● Records for this task
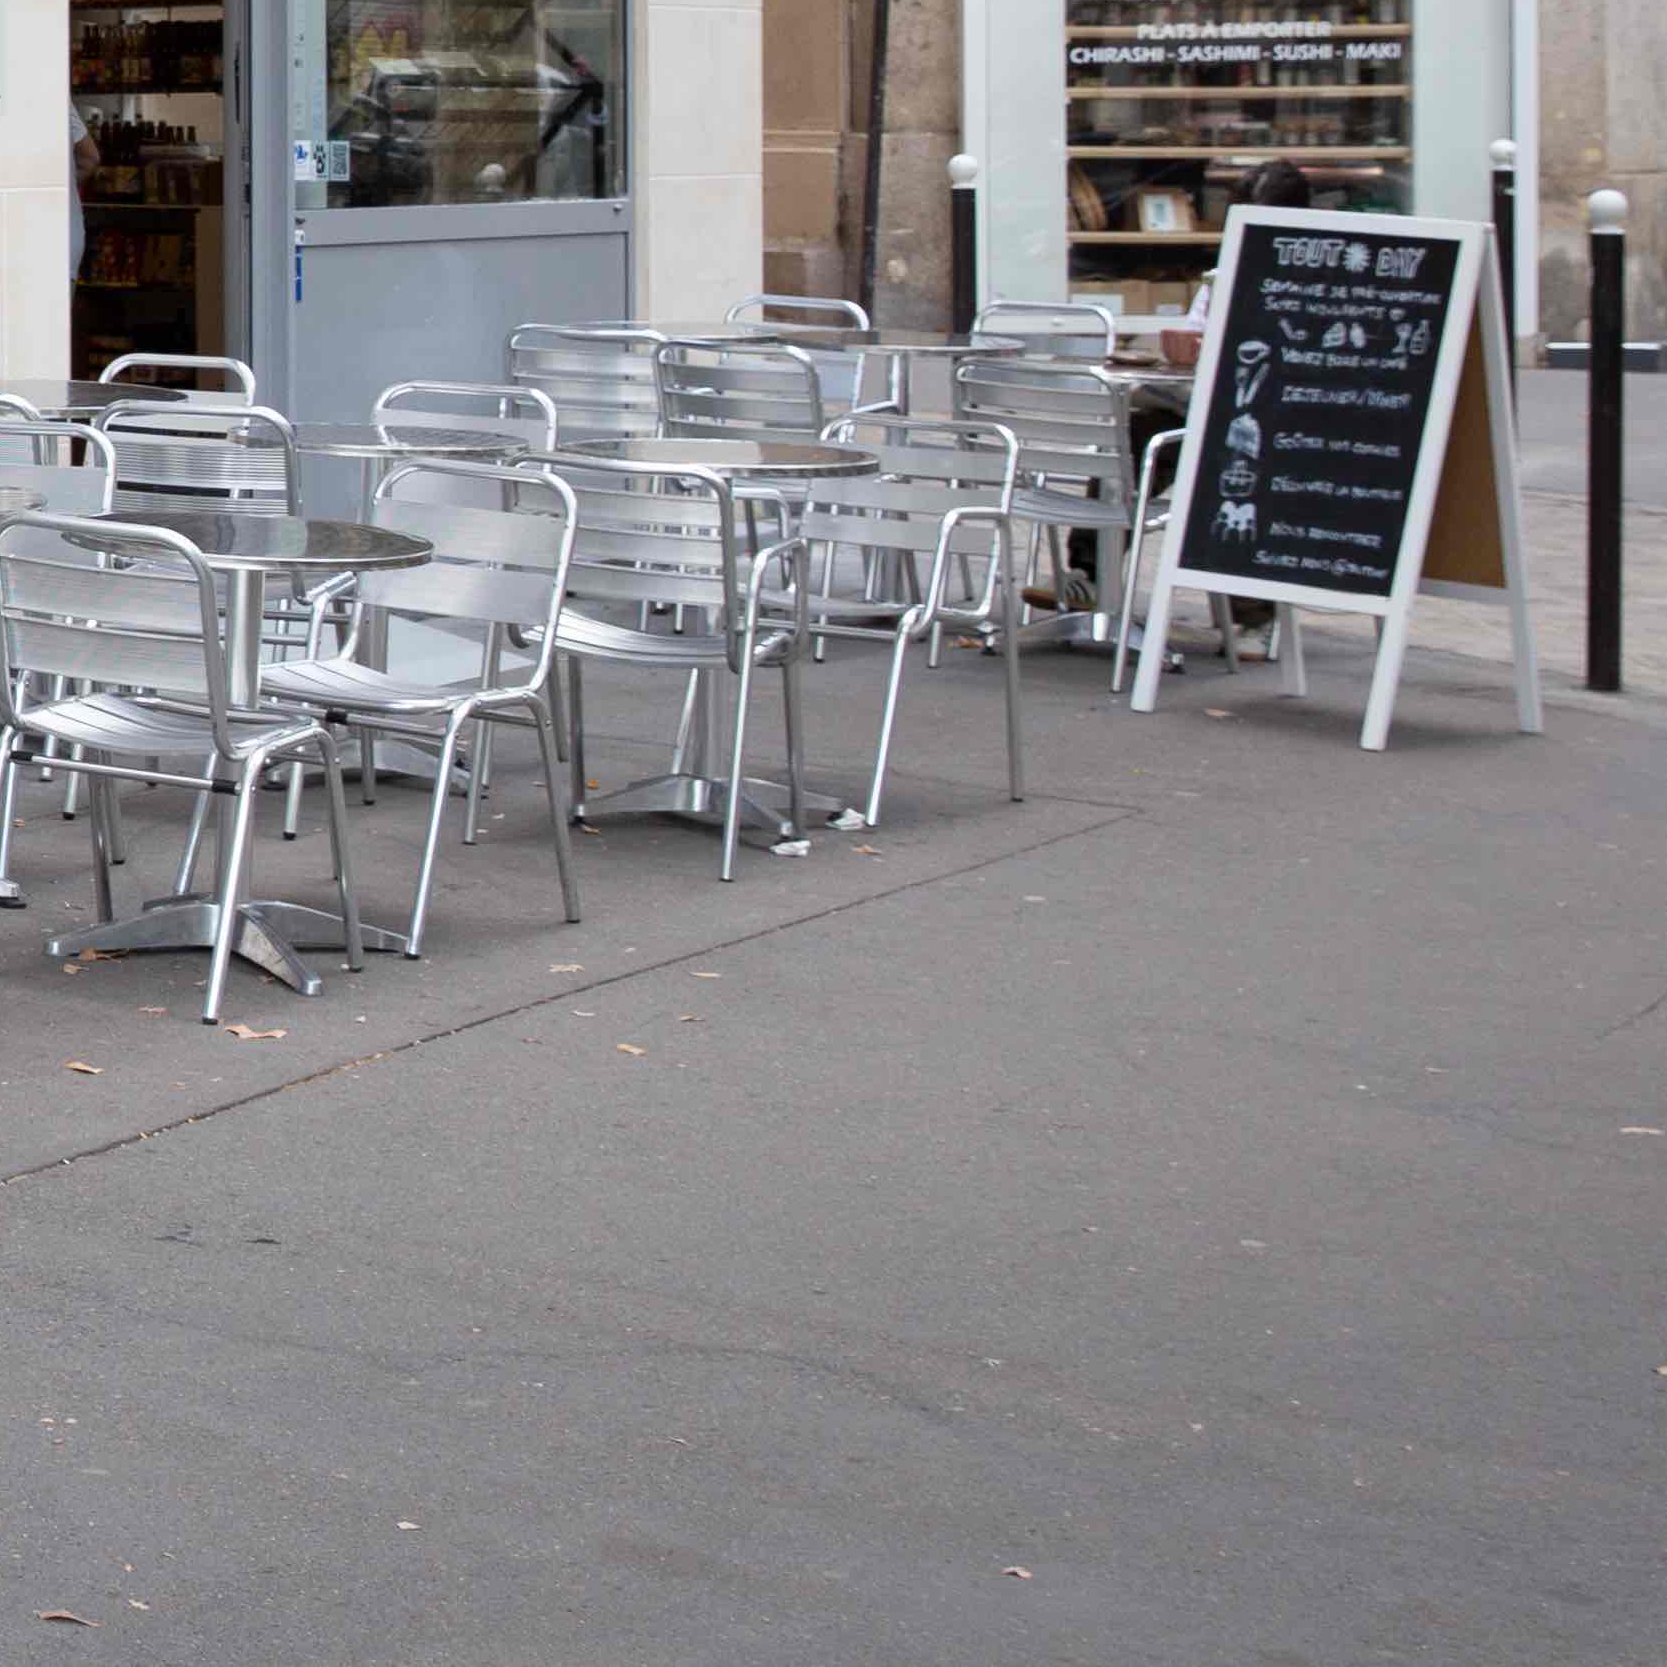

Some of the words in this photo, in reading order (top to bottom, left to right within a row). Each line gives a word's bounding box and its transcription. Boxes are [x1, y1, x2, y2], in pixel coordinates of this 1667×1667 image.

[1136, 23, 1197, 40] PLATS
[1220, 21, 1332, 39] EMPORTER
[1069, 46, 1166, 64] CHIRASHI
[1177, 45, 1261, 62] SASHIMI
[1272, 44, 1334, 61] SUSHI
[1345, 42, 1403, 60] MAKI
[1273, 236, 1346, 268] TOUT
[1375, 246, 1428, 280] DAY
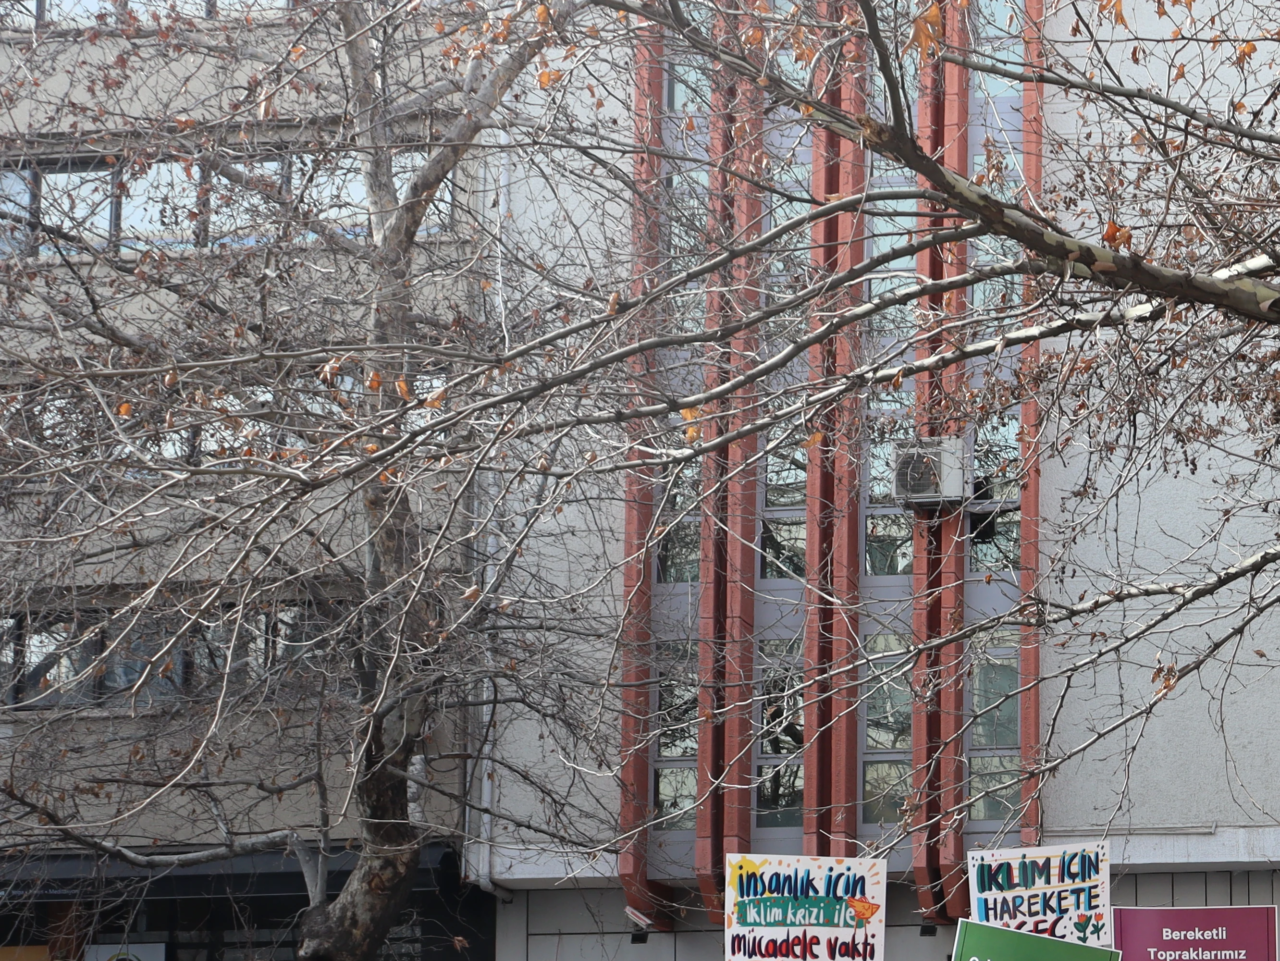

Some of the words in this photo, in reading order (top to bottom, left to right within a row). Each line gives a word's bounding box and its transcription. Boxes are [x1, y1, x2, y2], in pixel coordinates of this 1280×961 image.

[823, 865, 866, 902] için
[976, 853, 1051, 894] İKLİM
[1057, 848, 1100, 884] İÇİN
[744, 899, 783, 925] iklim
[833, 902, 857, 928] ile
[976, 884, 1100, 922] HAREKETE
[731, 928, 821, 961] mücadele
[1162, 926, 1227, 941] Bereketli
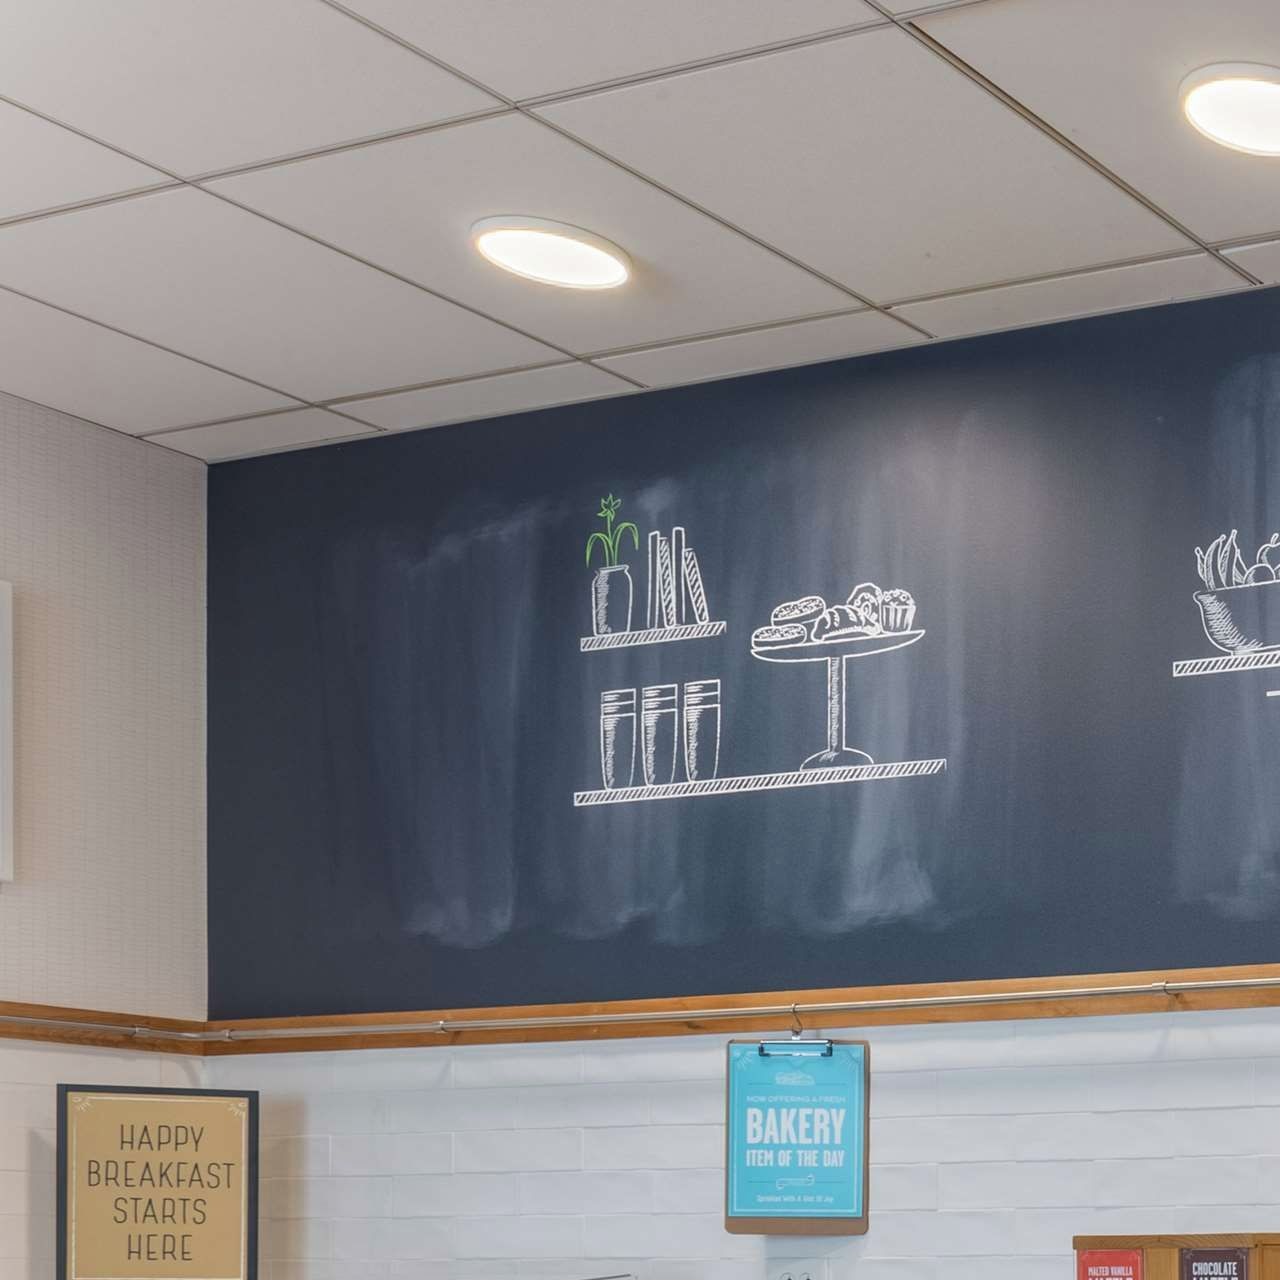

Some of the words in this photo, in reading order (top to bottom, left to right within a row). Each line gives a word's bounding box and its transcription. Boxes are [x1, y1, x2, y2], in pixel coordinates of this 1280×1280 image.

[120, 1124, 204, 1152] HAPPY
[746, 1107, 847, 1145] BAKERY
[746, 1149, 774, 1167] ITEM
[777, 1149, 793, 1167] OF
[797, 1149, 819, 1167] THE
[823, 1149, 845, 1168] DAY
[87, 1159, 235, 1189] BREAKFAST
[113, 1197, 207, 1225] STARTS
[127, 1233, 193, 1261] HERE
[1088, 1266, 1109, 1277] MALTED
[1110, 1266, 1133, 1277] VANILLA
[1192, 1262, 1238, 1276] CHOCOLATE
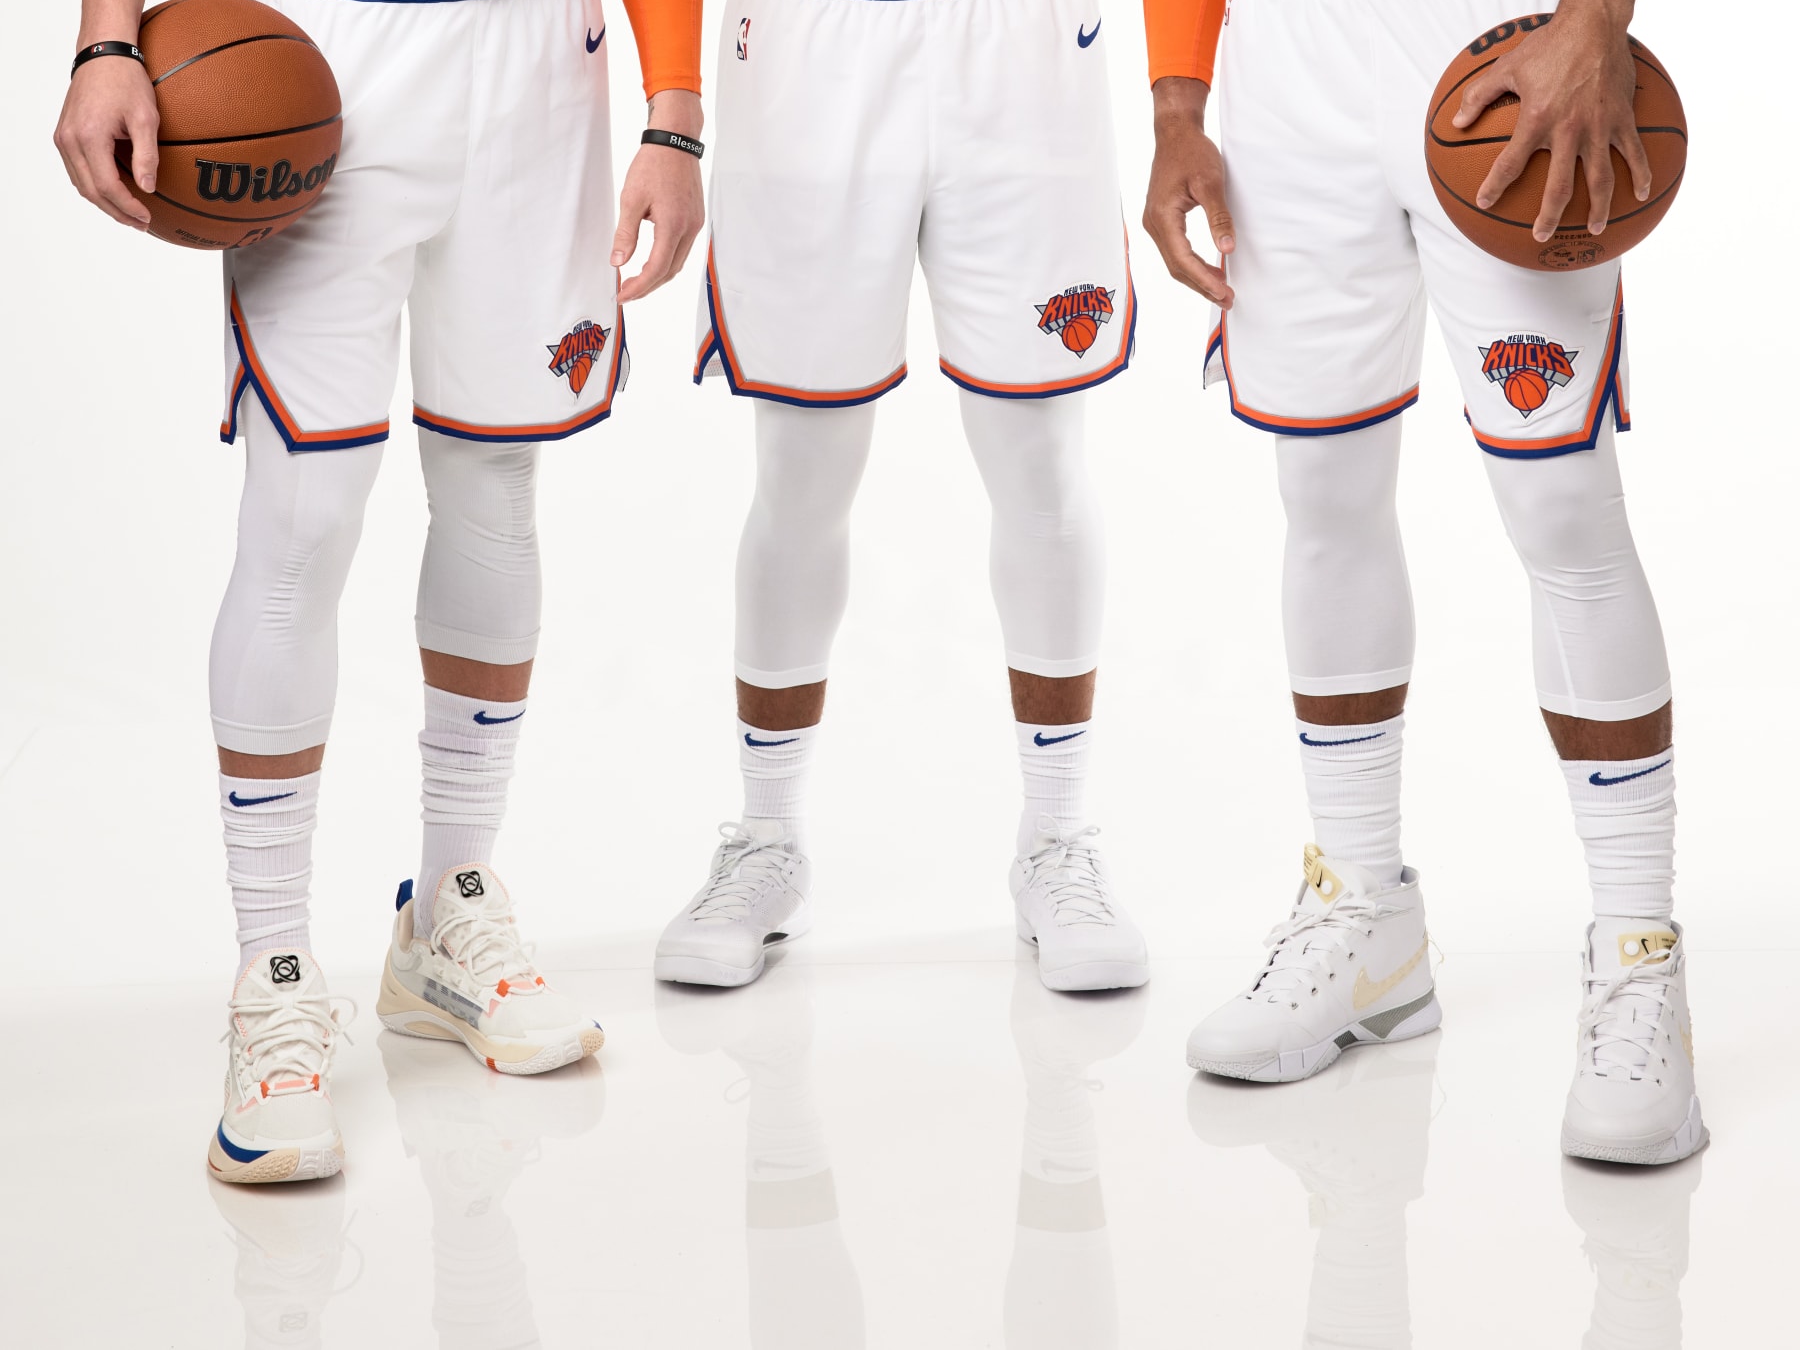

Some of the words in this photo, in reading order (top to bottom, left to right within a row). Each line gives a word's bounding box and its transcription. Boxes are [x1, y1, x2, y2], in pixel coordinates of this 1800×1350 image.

● Task objective
Return the whole of the material above exactly, with no picture carried over.

● Answer below
Some of the words in this photo, in reading order (top to bottom, left to right within a row). Each line gives a word's bounding box and its transcription. Boxes are [x1, y1, x2, y2], in pixel coordinates of this 1667×1667 image.

[1136, 23, 1197, 40] PLATS
[1220, 21, 1332, 39] EMPORTER
[1069, 46, 1166, 64] CHIRASHI
[1177, 45, 1261, 62] SASHIMI
[1272, 44, 1334, 61] SUSHI
[1345, 42, 1403, 60] MAKI
[1273, 236, 1346, 268] TOUT
[1375, 246, 1428, 280] DAY

Some of the words in this photo, in reading order (top to bottom, left to right within a row). Each line gives a word's bounding box and its transcription. Boxes are [x1, y1, x2, y2], in pixel coordinates of this 1280×961 image.

[823, 865, 866, 902] için
[976, 853, 1051, 894] İKLİM
[1057, 848, 1100, 884] İÇİN
[744, 899, 783, 925] iklim
[833, 902, 857, 928] ile
[976, 884, 1100, 922] HAREKETE
[731, 928, 821, 961] mücadele
[1162, 926, 1227, 941] Bereketli

Some of the words in this photo, in reading order (top to bottom, left to right within a row). Each line gives a word's bounding box and its transcription. Boxes are [x1, y1, x2, y2], in pixel coordinates of this 1280×1280 image.

[120, 1124, 204, 1152] HAPPY
[746, 1107, 847, 1145] BAKERY
[746, 1149, 774, 1167] ITEM
[777, 1149, 793, 1167] OF
[797, 1149, 819, 1167] THE
[823, 1149, 845, 1168] DAY
[87, 1159, 235, 1189] BREAKFAST
[113, 1197, 207, 1225] STARTS
[127, 1233, 193, 1261] HERE
[1088, 1266, 1109, 1277] MALTED
[1110, 1266, 1133, 1277] VANILLA
[1192, 1262, 1238, 1276] CHOCOLATE

Some of the words in this photo, in reading order (top to bottom, left to right within a row). Each line gives a word's bounding box and its transcription. Boxes are [x1, y1, x2, y2], in pixel coordinates of this 1800×1350 image.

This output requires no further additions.